# What you should do
Without including any pictures, copy every line below exactly.

# Data shown
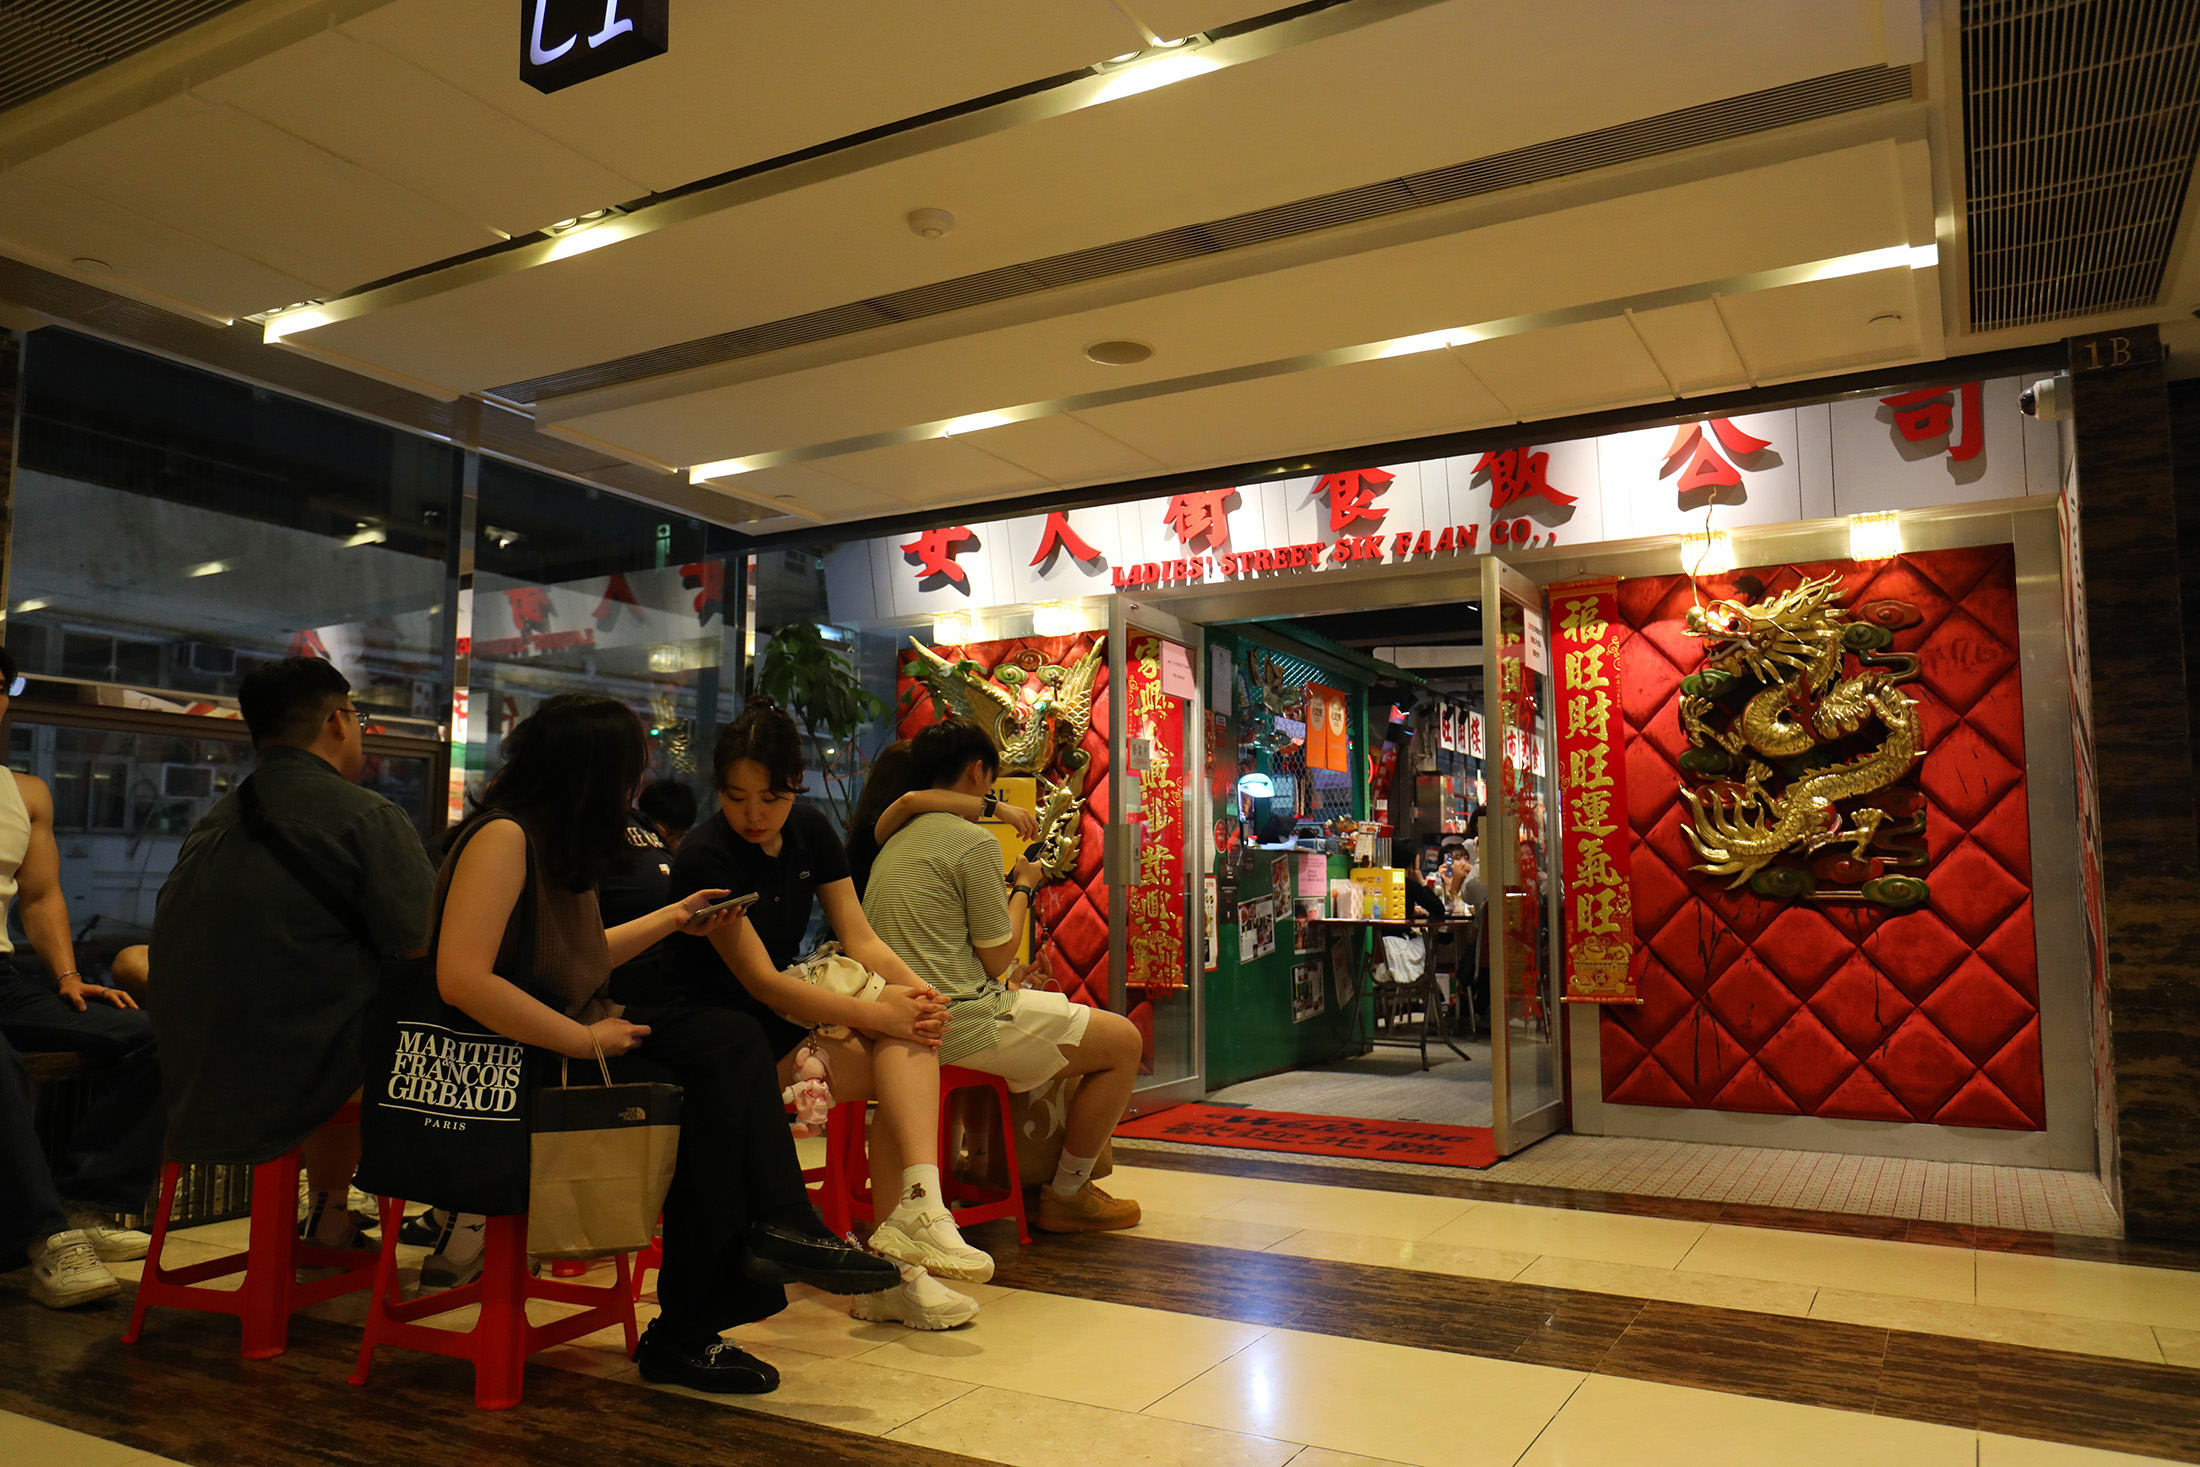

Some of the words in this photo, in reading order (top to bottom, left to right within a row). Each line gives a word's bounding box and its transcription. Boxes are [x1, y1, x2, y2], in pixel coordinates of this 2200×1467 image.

[1111, 556, 1213, 587] LADIES'
[1220, 542, 1325, 575] STREET
[1333, 535, 1386, 562] SIK
[1395, 523, 1479, 555] FAAN
[1559, 595, 1622, 936] 福旺財旺運氣旺
[396, 1030, 524, 1067] MARITHÉ
[388, 1074, 517, 1112] GIRBAUD
[424, 1117, 466, 1131] PARIS
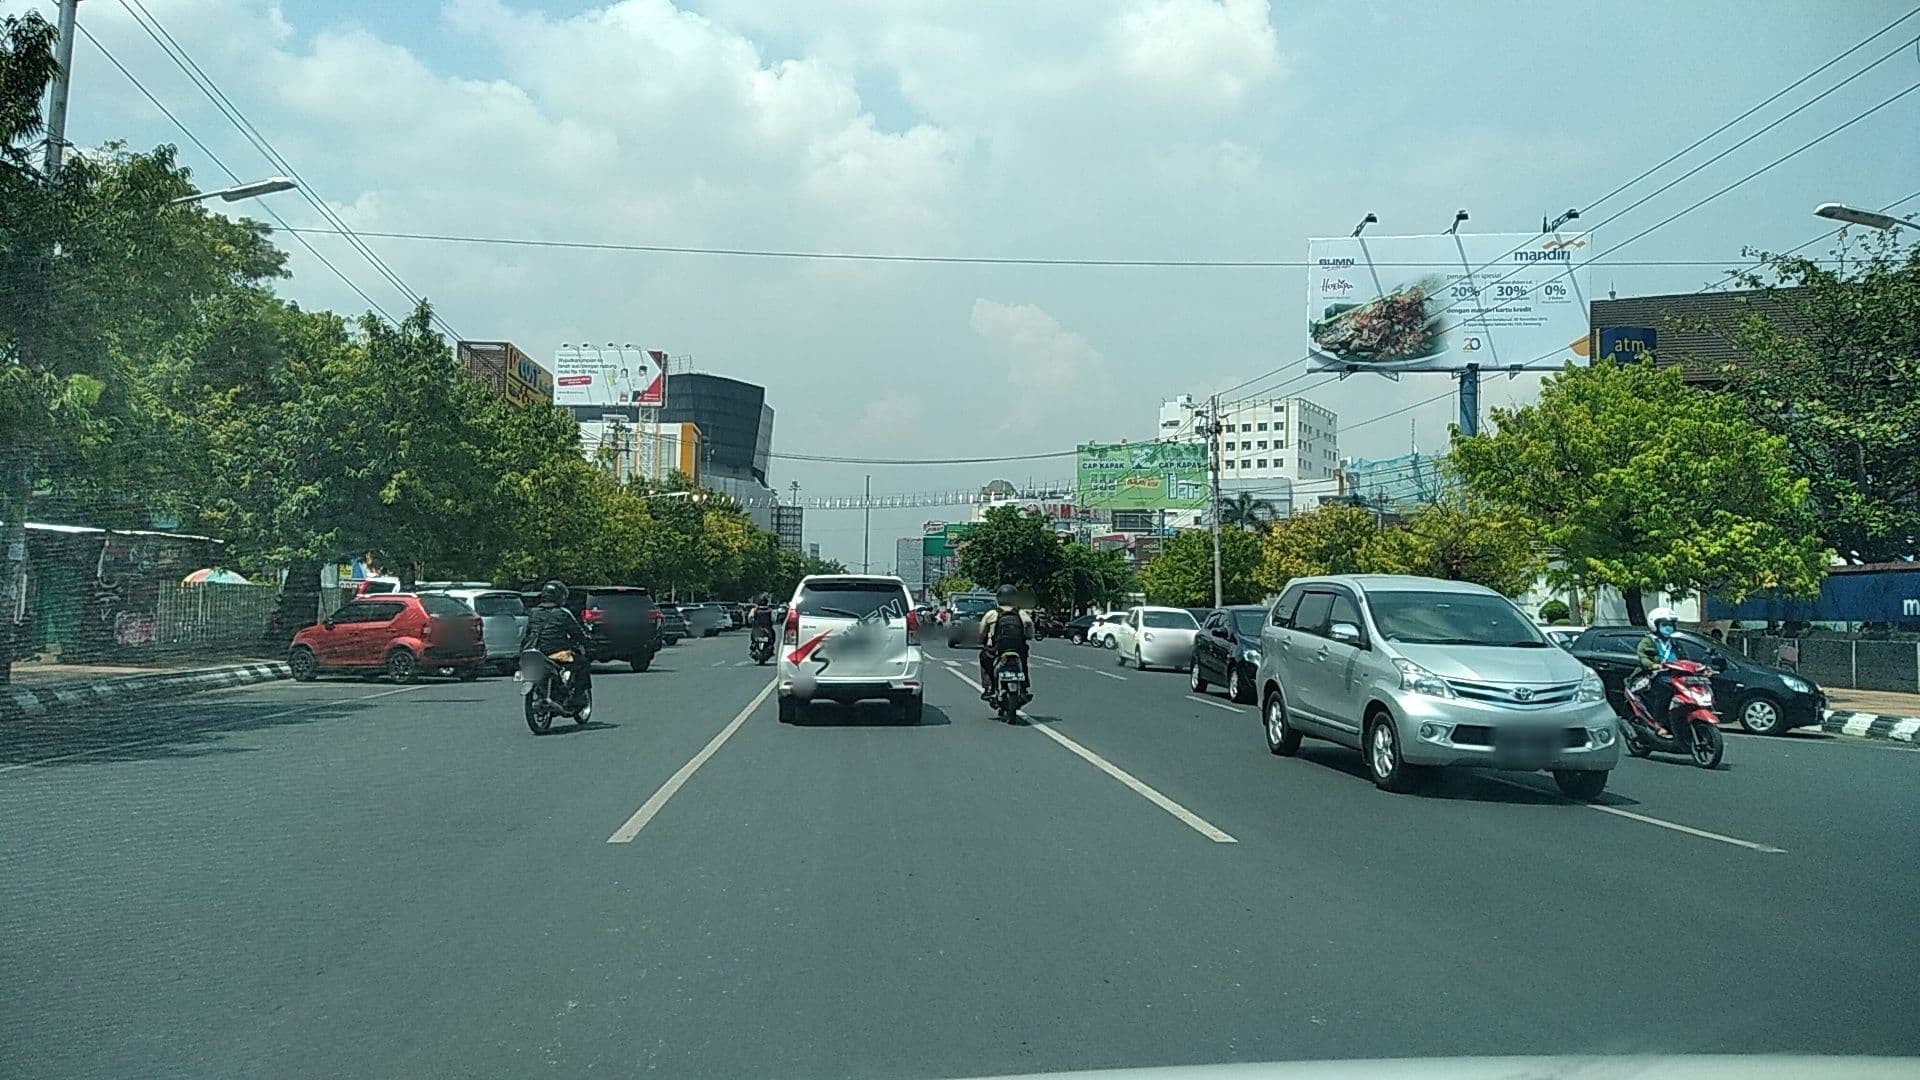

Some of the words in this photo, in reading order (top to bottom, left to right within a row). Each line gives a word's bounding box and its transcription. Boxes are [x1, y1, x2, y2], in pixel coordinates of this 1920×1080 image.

# Response to this exercise
Some of the words in this photo, in reading order (top to bottom, left to right within a row). Each line gives a word's bounding box and its transcription. Boxes are [x1, y1, x2, y2], in pixel coordinates of this 2200×1467 image.

[1111, 556, 1213, 587] LADIES'
[1220, 542, 1325, 575] STREET
[1333, 535, 1386, 562] SIK
[1395, 523, 1479, 555] FAAN
[1559, 595, 1622, 936] 福旺財旺運氣旺
[396, 1030, 524, 1067] MARITHÉ
[388, 1074, 517, 1112] GIRBAUD
[424, 1117, 466, 1131] PARIS

Some of the words in this photo, in reading order (top to bottom, left to right within a row). Each line gives a word's bounding box and its transcription. Boxes are [x1, y1, x2, y2], in pixel coordinates of this 1920×1080 image.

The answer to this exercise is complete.